Know about the silent cost

Before you sign on the dotted line, make sure you consider these sometimes neglected fees and factor them into your budget:

  • Rates set by the council
  • Lenders that deal with stamp duty Mortgage Protection Insurance
  • Supplementary insurances
  • Fees for loans
  • Conveyancing
  • Inspections of buildings and pests


Research as much as possible

You’re significantly less likely to compromise (or overpay) for something you don’t actually want if you do adequate research. Here are some helpful hints:

  • Consider the regions where you’d like to live.
  • On real estate websites, look for recent selling prices and suburb profiles.
  • Consult with local agents to gain a sense of the market’s current state.
  • Take a look at what’s on the market in the neighbouring areas (and for how much).
  • See what similar residences sold for, as well as the sales and rental history, using our property profile reports.


Negotiate on your terms

Do not only rely on your impulse while buying your house.
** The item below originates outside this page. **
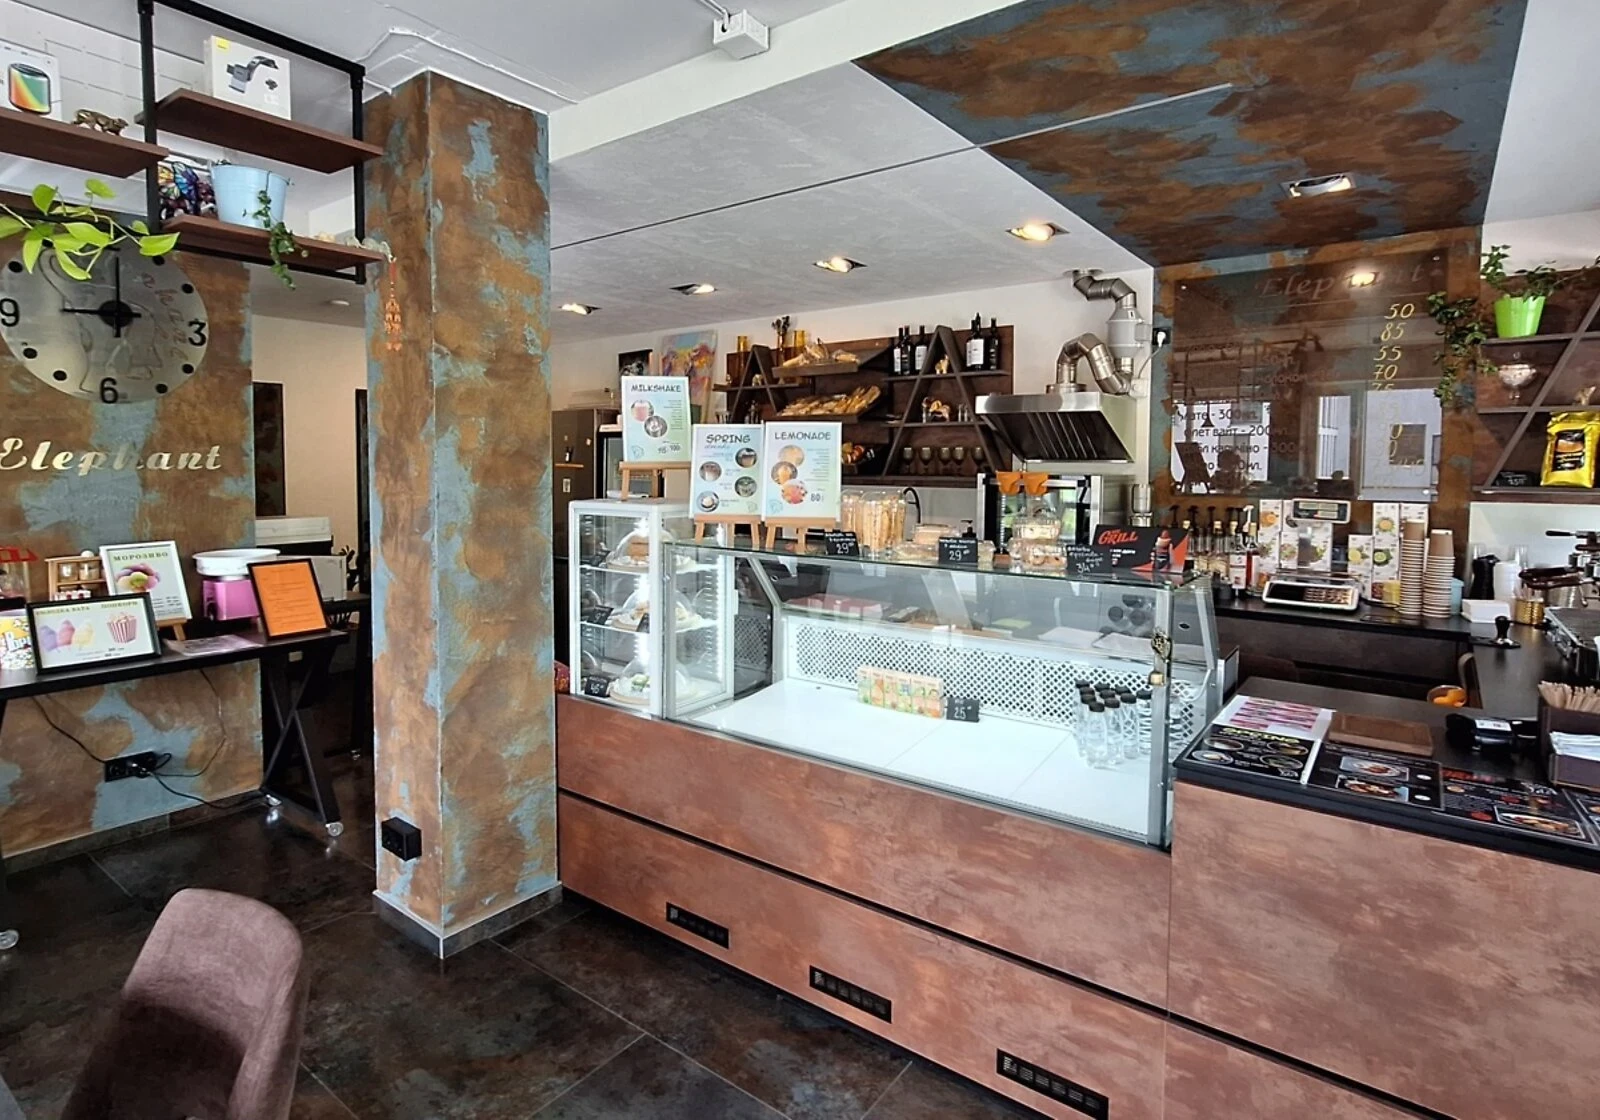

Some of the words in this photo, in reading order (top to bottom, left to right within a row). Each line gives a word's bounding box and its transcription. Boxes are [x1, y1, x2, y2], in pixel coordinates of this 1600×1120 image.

This is one of the biggest financial steps of your life and you would not like to make any mistake in haste. 

You always have the option of walking away. If you have a firm price set in your mind, and the terms are non-negotiable, you have all the rights to change your mind. The bottom line is that there will be other properties available.

Be mindful of your feelings. Real estate agents thomastown work for the seller’s best interests and will help you explore the best of the opportunities to get your deal finalised. Speak with the broker or agent to know how much time you have to decline the deal even after everything is final. 

Work with experienced professionals

It seems sensible to surround yourself with professionals when making such a large investment. Employ the services of the most comprehensive, licenced house inspector you can locate to identify any problems that could turn into costly repairs. Consult a mortgage broker who can create tailor-made financial decisions for your home purchase. You should also speak with a lawyer to avoid any conflict with the negotiation.